◆ Exercise details: Images should be omitted while the rest of the data is duplicated exactly.

◆ Items listed in a dataset:

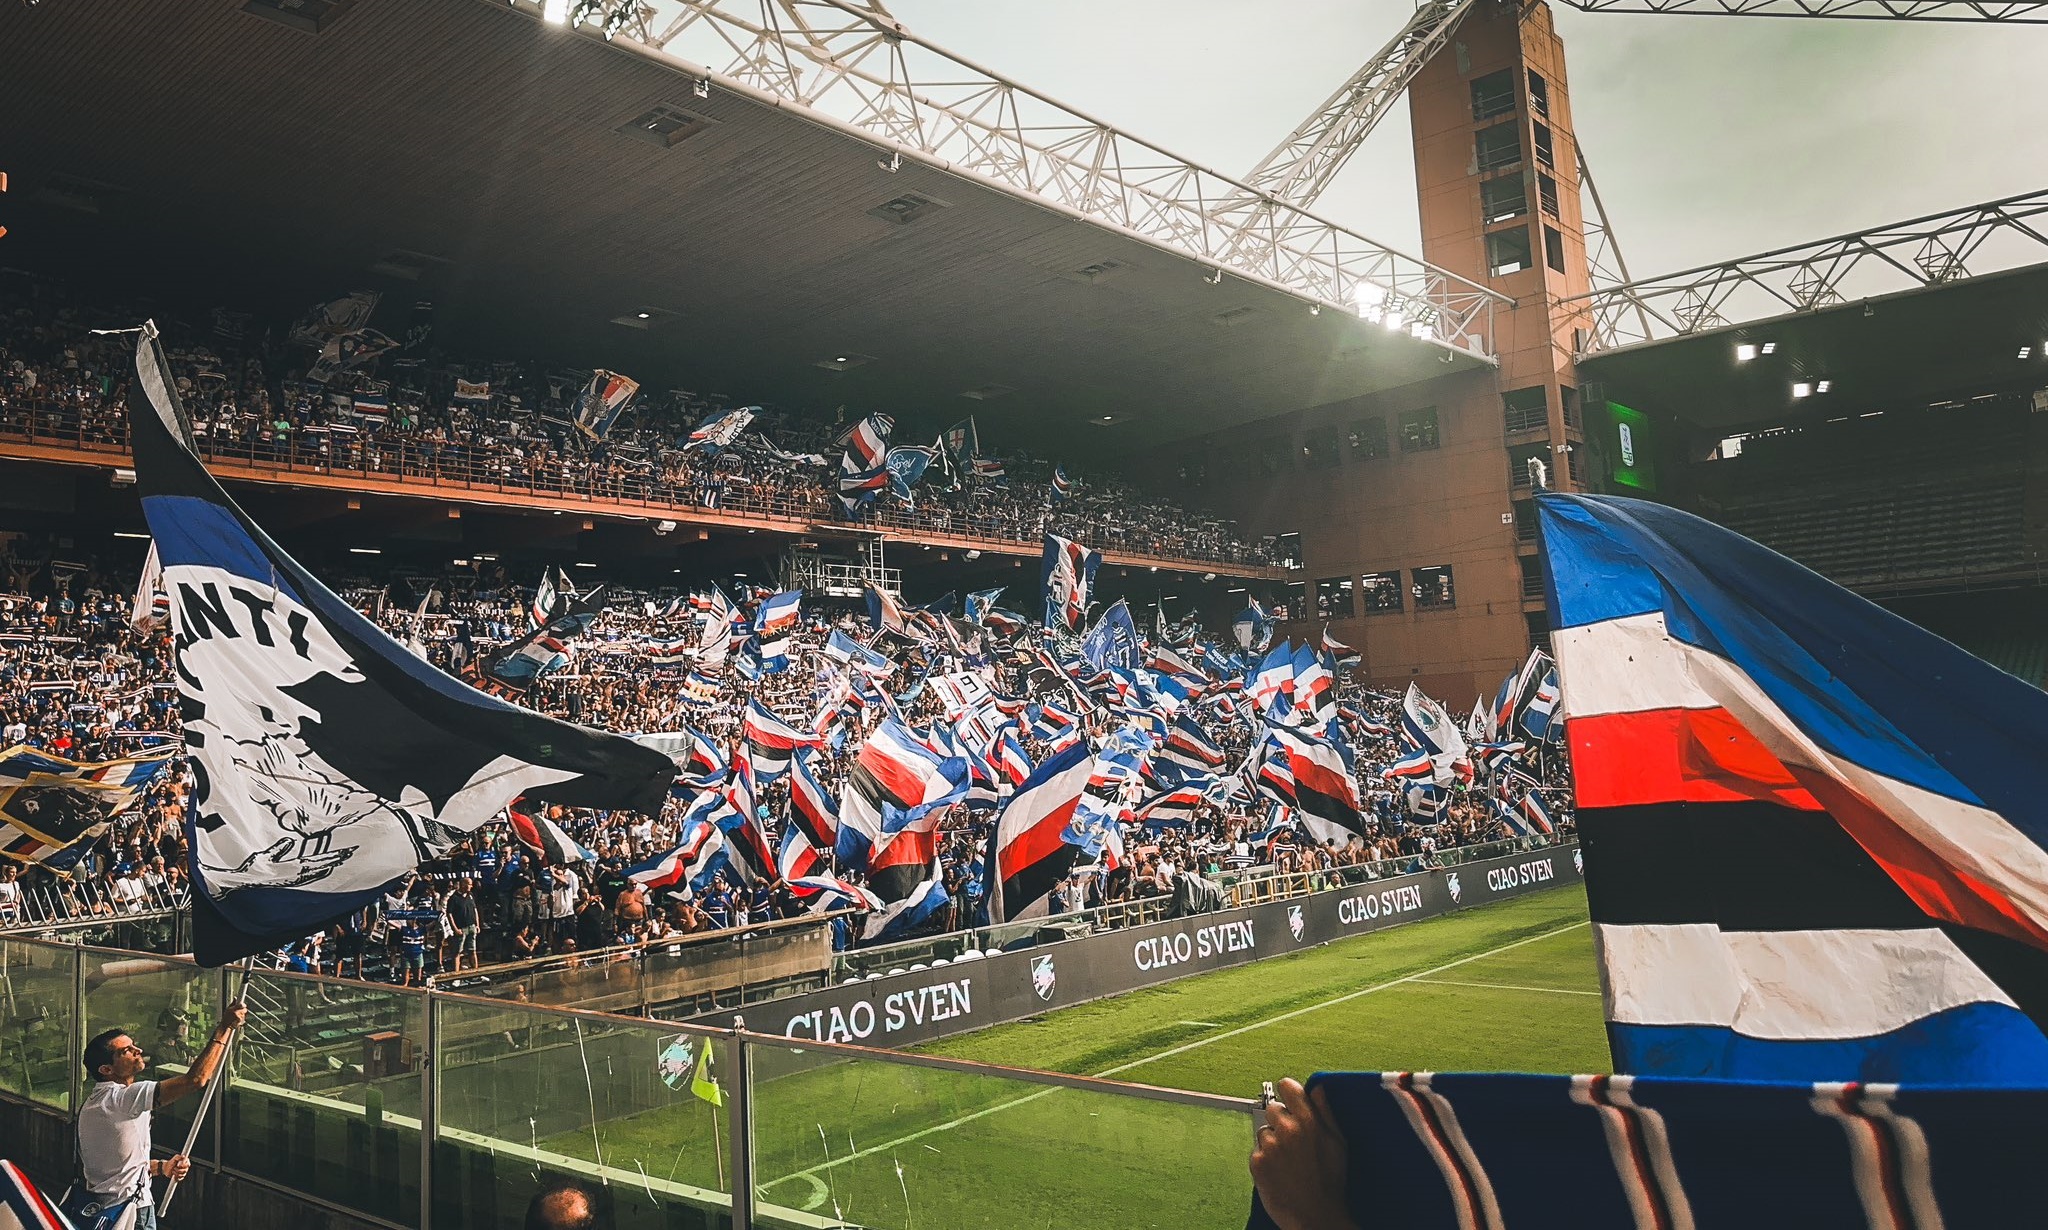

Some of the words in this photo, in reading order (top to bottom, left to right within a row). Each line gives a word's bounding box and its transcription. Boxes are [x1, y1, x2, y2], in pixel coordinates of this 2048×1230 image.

[1487, 865, 1520, 892] CIAO
[1519, 858, 1555, 886] SVEN
[1338, 894, 1380, 925] CIAO
[1382, 884, 1422, 916] SVEN
[1135, 932, 1192, 971] CIAO
[1196, 920, 1256, 959] SVEN
[785, 1000, 876, 1053] CIAO
[884, 978, 971, 1033] SVEN
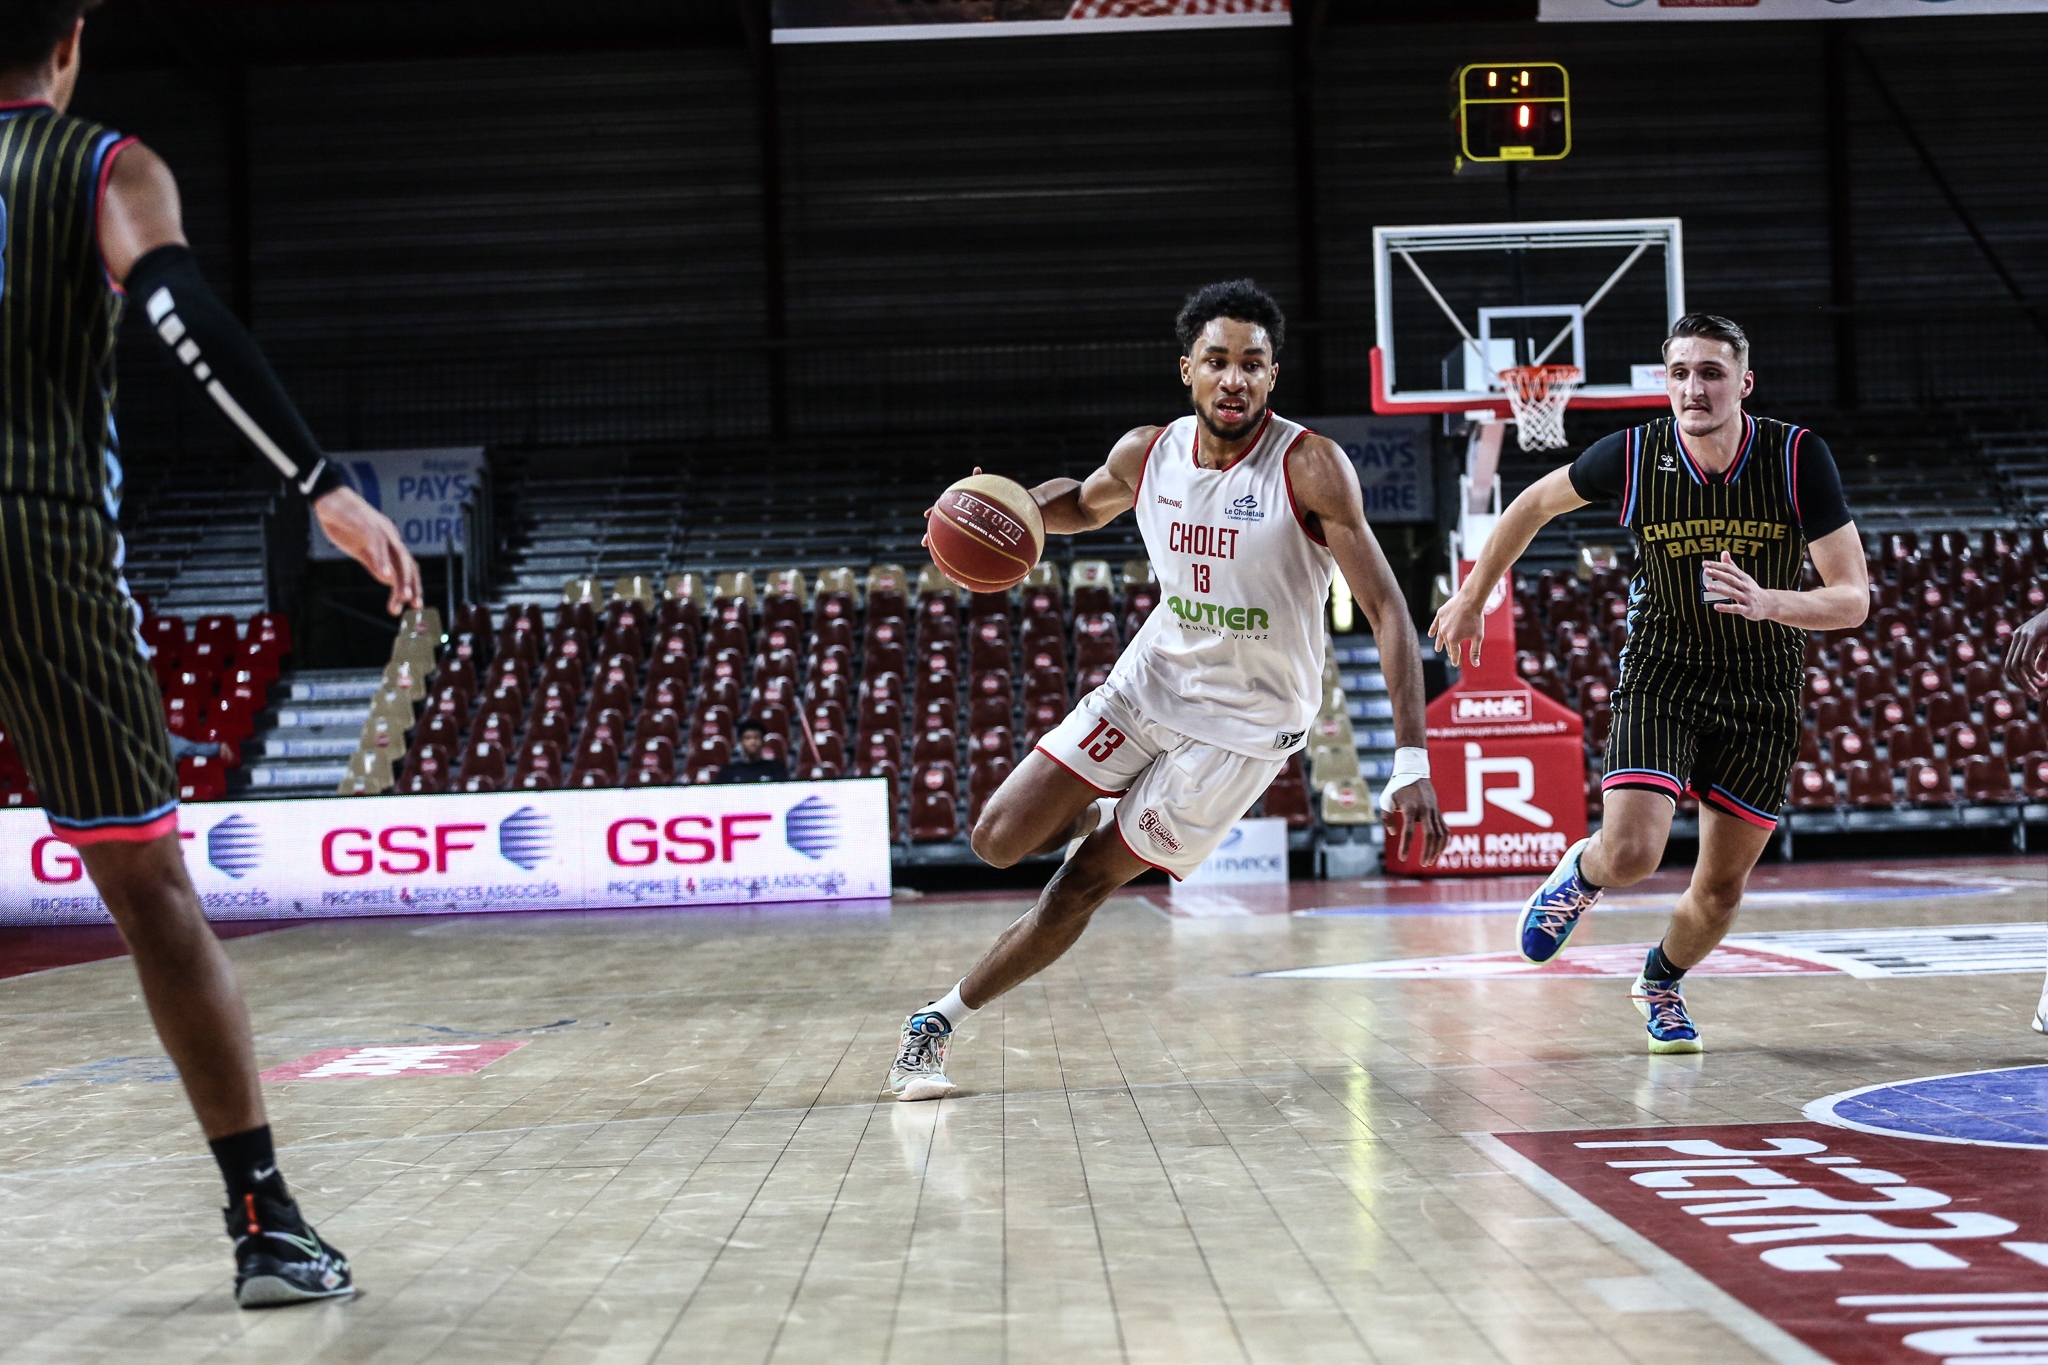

◆ Output of the task:
Some of the words in this photo, in reading order (top to bottom, left to right within a row). Each line gives a word's bounding box and its transcription. Boxes are [x1, y1, x2, y2], in pixel coordinates of this 2048×1230 image.

[1487, 865, 1520, 892] CIAO
[1519, 858, 1555, 886] SVEN
[1338, 894, 1380, 925] CIAO
[1382, 884, 1422, 916] SVEN
[1135, 932, 1192, 971] CIAO
[1196, 920, 1256, 959] SVEN
[785, 1000, 876, 1053] CIAO
[884, 978, 971, 1033] SVEN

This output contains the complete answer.